C'est un grand honneur de m'adresser aujourd'hui à vous ici à Alger en tant que Président de la Commission européenne et aux honorables membres du Conseil de la Nation.

La crise qui affecte lourdement le monde arabe, la Méditerranée et l'Europe a renforcé ma volonté de venir à Alger à votre rencontre. Des pays voisins, et plus encore des peuples amis, doivent être ensemble pour faire face aux répercussions régionales du conflit en cours sur la terre irakienne.

Pour l'immédiat, l'Union européenne est prête à faire le maximum pour soulager matériellement les souffrances des victimes et de tous ceux et celles qui sont touchés par cette guerre. Notre aide sera très bientôt acheminée auprès des populations qui en ont le plus besoin.

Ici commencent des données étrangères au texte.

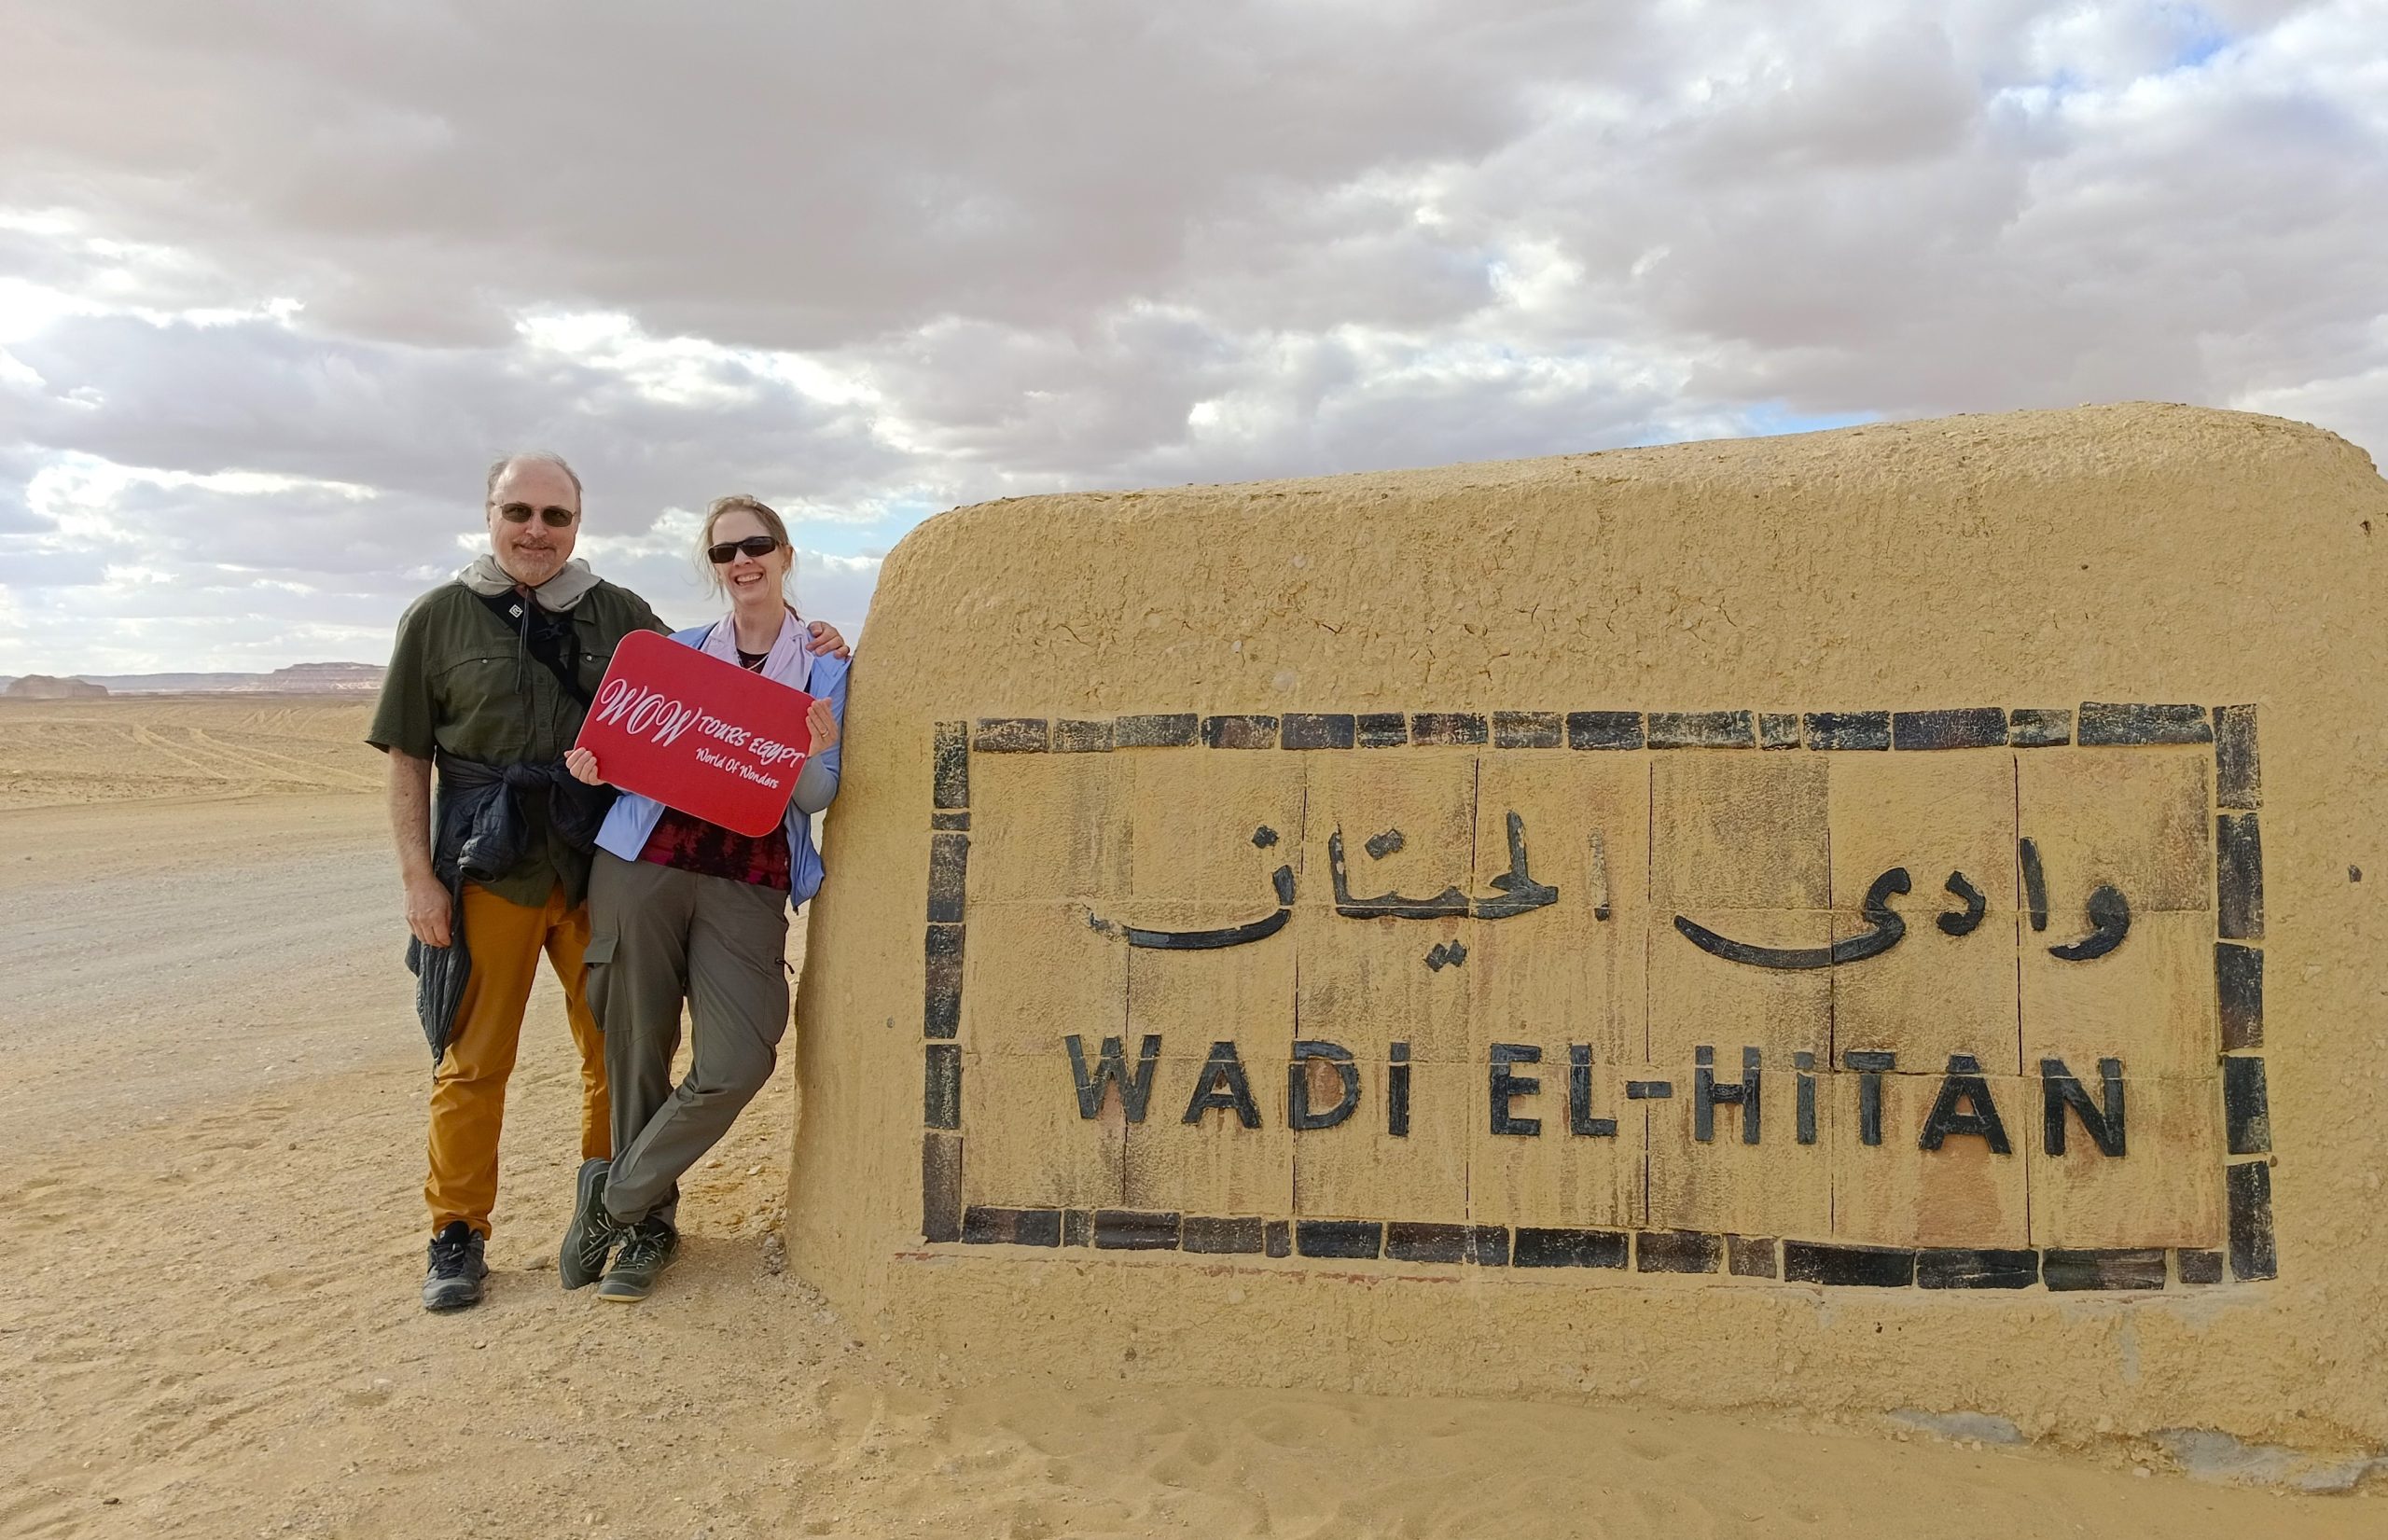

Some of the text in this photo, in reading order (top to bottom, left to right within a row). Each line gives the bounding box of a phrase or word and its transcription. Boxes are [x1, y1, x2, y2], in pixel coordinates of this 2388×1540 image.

[596, 678, 805, 769] WOW TOURS EGYPT
[696, 748, 780, 789] World Of Wonders
[1064, 1034, 1412, 1138] WADI

Je voudrais dire ici, au nom de la Commission et en mon nom personnel, combien je prends part au deuil des familles des victimes de cette guerre. Je voudrais insister aussi sur l'importance que j'attache au respect de la dignité humaine en toute circonstance, même entre belligérants.

Quelles que soient les conséquences de cette crise, nous devons construire ensemble un avenir commun.

Les relations entre l'Union et l'Algérie doivent en outre constituer non seulement un facteur de stabilité pour notre région, mais aussi un exemple pour la Communauté internationale.

Il y a environ deux ans, j'avais déjà eu le privilège de visiter l'Algérie et de m'entretenir longuement avec le Président Bouteflika.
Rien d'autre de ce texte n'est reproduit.